Australian businesses should engage directly with their Chinese counterparts to take up the opportunities that the Belt and Road Initiative will provide, an Australian expert said.
Proposed by China in 2013, the Belt and Road Initiative aims to build an infrastructure and trade network that spans across the globe, linking Asia with Europe and Africa, along the ancient Silk Road trading routes.
Hans Hendrischke, Professor of Chinese Business and Management at the University of Sydney, told Xinhua on Wednesday that Australia should be viewing the Belt and Road Initiative through the mindset of what it actually is, an economic proposal, rather than attributing it to any kind of strategic development.
"That is something to keep in mind for future development. The focus should be on the commercial benefits, that provide benefits for both sides," Hendrischke said.
The expert believes that Australia is missing a multitude of opportunities that have been opened up by the initiative, as increased levels of funding are being put into the emerging countries are part of the ambitious project across the globe, leaving Australia somewhat lagging behind.
However, he still believes that some progress is being made.
"There are opportunities where Australia is becoming involved, for example in Darwin where the Landbridge Group has leased the Port of Darwin and is planning to set up a new commercial development there, a very large one," Hendrischke said.
"There are opportunities, and there would be more, so it is a question of how to structure that."
Hendrischke is encouraged by the level of cooperation and investment that is currently taking place between the two countries.
"Chinese investment that is coming into Australia, especially in areas such as agriculture and health, is investment that in the end brings goods back into China," Hendrischke said.
"This is clearly part of the overall package that comes with investment."
In a recent report that the learned expert co-authored with KPMG, Demystifying Chinese Investment in Asia 2017, it was shown that over the course of the last year, Chinese investment into Australia grew by roughly 12 percent, which Hendrischke said could, and should be higher.

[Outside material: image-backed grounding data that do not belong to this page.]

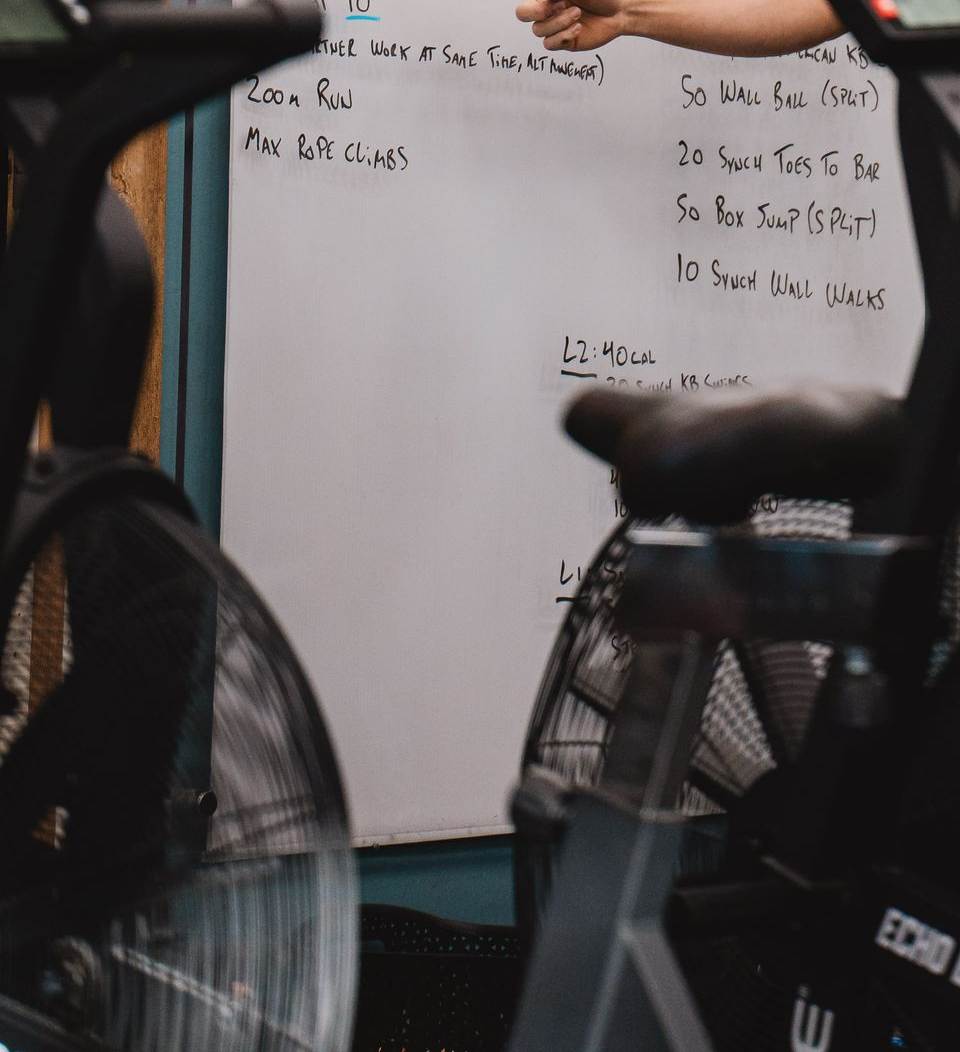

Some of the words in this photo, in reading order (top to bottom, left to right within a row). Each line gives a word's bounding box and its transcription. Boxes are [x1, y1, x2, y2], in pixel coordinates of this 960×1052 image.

[370, 39, 409, 62] WORK
[418, 46, 437, 62] AT
[442, 46, 478, 67] SAME
[526, 53, 548, 71] ALT
[317, 77, 353, 110] RUN
[681, 74, 707, 109] 50
[720, 79, 761, 106] WALL
[774, 80, 808, 112] BALL
[245, 125, 282, 158] MAX
[298, 133, 335, 161] ROPE
[678, 140, 704, 166] 20
[719, 145, 763, 175] SYNCH
[774, 143, 812, 179] TOES
[820, 150, 839, 176] TO
[854, 152, 880, 183] BAR
[677, 193, 700, 223] 50
[715, 194, 744, 228] BOX
[757, 202, 800, 234] JUMP
[677, 252, 699, 283] 10
[712, 258, 757, 292] SYNCH
[770, 269, 814, 300] WALL
[826, 282, 886, 311] WALKS
[562, 335, 597, 364] L2:
[874, 907, 957, 977] ECHO

"Chinese investment in Australia grew by just under 12 percent, while Chinese investment in the U.S. grew about 200 percent, and 70 percent in the European Union," Hendrischke said.
The positive aspect of that is it shows where Australia can grow and where other markets are growing ahead of us, he said.
One of these areas is tourism, which Hendrischke contends will be immensely benefited by even further Chinese investment, which has the potential to have a knock-on effect into other sectors.
"Australia is a package deal. Tourism is linked to education, it's linked to healthcare and health services, it's linked to investment in residential areas, commercial investment in hospitality," Hendrischke said.
"It all links together and the various elements complement and reinforce each other."
The professor believes the way forward for Chinese companies to succeed in Australia is through establishing partnerships with existing Australian entities.
Looking ahead, with the upcoming Belt and Road Forum for International Cooperation to be held in Beijing, Hendrischke anticipates a bright future for the initiative, and hopes for increased involvement in the transformational project by Australia.
"I see Belt and Road as an approach to globalization, and that's where China sees its strength and opportunities to integrate in a step-by-step process, starting with the regions that are closest to China," Hendrischke said.
"That includes from the far side, central Asia, but importantly, it will involve a closer integration of Australia with our southeast Asian neighbors."